His work became quite abstract, perhaps influenced by Islamic art’s avoidance of depicting people.  However, it is an abstraction that is intended to have meaning rather than leaving the meaning to the viewer, I think.  There are algae, masks and people in the shapes.

So, that’s the exhibition.

The RA has made a particular point about keeping control of the number of visitors so that even Friends have to get a timed ticket and can’t just wander in as normal.  I’m not entirely sure the exhibition space is that much harder to navigate than in any other exhibition.  Maybe all exhibitions would benefit from that level of control.  However, I’m wondering if I should say that too loudly – I like the freedom just to wander into an exhibition when I like and this experience might encourage them to change the rules for all exhibitions.

Anyway, while you are waiting for your timeslot, pop into the Second Nature: The Art of Charles Tunnicliffe RA in the Tenant Gallery, a small room right by the first floor access to the lift to the Sackler Galleries.  This is free with your exhibition ticket.  Charles Tunnicliffe was a wildlife illustrator and you’ll see examples of his etchings and engravings.  They are truly beautiful – and one for those who are looking for “proper art”.  Find out more here.

Hokusai: beyond the Great Wave at British Museum

Quick! Quick! Roll up to Hokusai: beyond the Great Wave at British Museum.  Don’t worry, it is open until 13 August 2017 but it is closed from Monday 3 to Thursday 6 July 2017 to swap out some of the more fragile works.  So, you will miss some of the works if you don’t go this weekend.  I didn’t take a careful note of all the works that are “25 May to 2 July only”. Year-End Accounts, an early highlight, is one, Suspension Bridge on the border between Hazen and Etchū provinces is another, but I’m not sure of the rest.  I’m thinking of going back again to see the new set in any case but I realise that might not be possible for everyone.

Katsushika Hokusai was an artist in Japan in the late 18th and early 19th century.  This exhibition focuses on the last thirty years of his life, a period that includes one of his best known works, The Great Wave.  The exhibition is in Room 35, the Joseph Hotung Great Court Gallery, the circular exhibition space built over the old reading room in the centre of the Great Court.  It costs £12, details on the website here which also shows ten highlights of the exhibition so it is worth looking there before attending.

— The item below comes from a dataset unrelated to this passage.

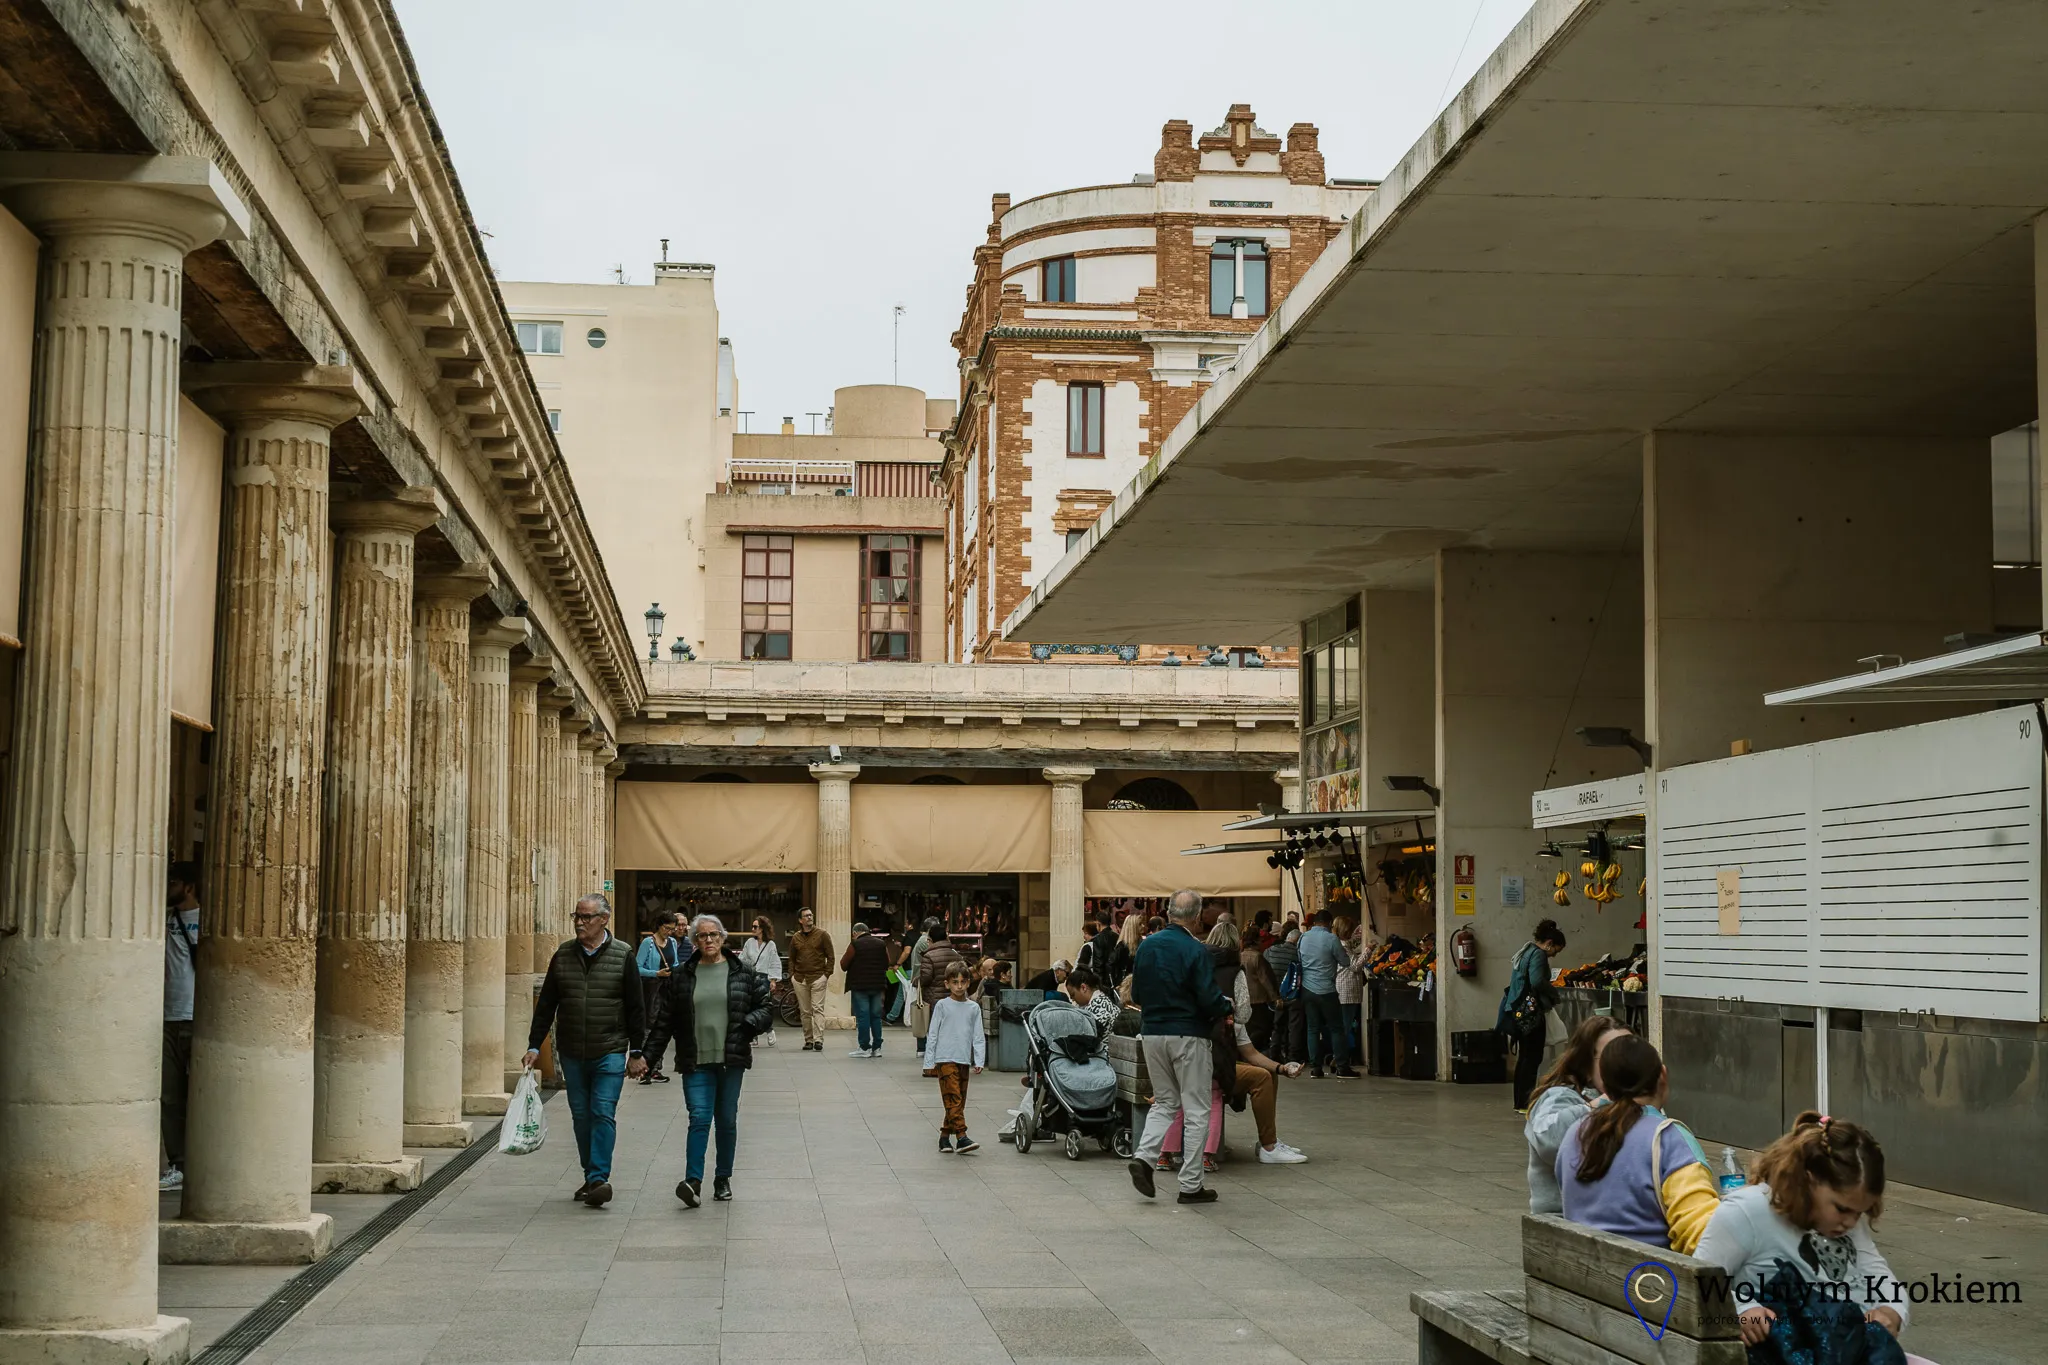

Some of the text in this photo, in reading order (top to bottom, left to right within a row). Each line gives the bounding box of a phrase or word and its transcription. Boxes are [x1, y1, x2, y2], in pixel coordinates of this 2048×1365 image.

[2019, 719, 2031, 739] 90
[1661, 778, 1668, 794] 91
[1578, 790, 1598, 805] RAFAEL
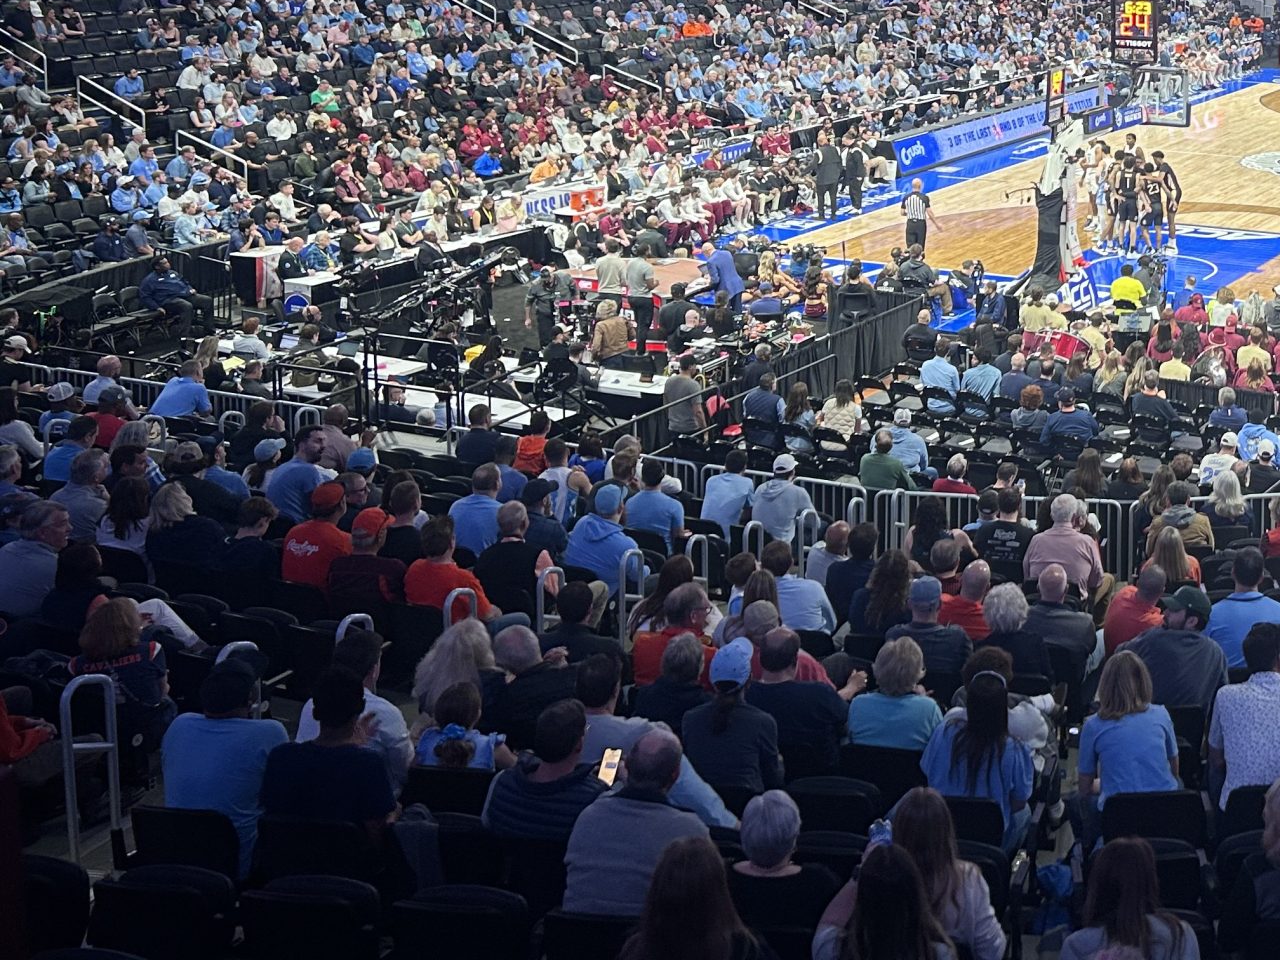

They have turned room 35 into a long corridor.  It’s a slow labyrinth of a gallery as a result but if you follow the line of visitors patiently you will find treasure! This could be somewhat claustrophobic but it is perhaps the only way to allow the number of visitors in to see the works.  There is some good context from the wall panels but they are a little small and sometimes on the far side of a work which is hard to get to.

The first section of the exhibition deals with examples of art from Hokusai’s earlier work, paintings and prints, and introduces the idea of his calling himself by different names as he went through his life.  This is good background.  It also shows how he developed his art.  There is an interesting explanation of how he studied and used European techniques, for example, the difference between European perspective with a vanishing point and Japanese perspective where further away things were shown above nearer things and, also, the idea of showing one side of an object in a lighter tone creating the impression of a light source from one side or the other.  One example of Hokusai demonstrating his ability to do both is New Year Scene, created in 1824-26 for the Dutch East India company, it shows a Japanese street scene with a man and children ready to fly kites in the  foreground and others with kites already aloft and the impression of buildings receding into the background.  Light hits them from one side.  It is beautiful.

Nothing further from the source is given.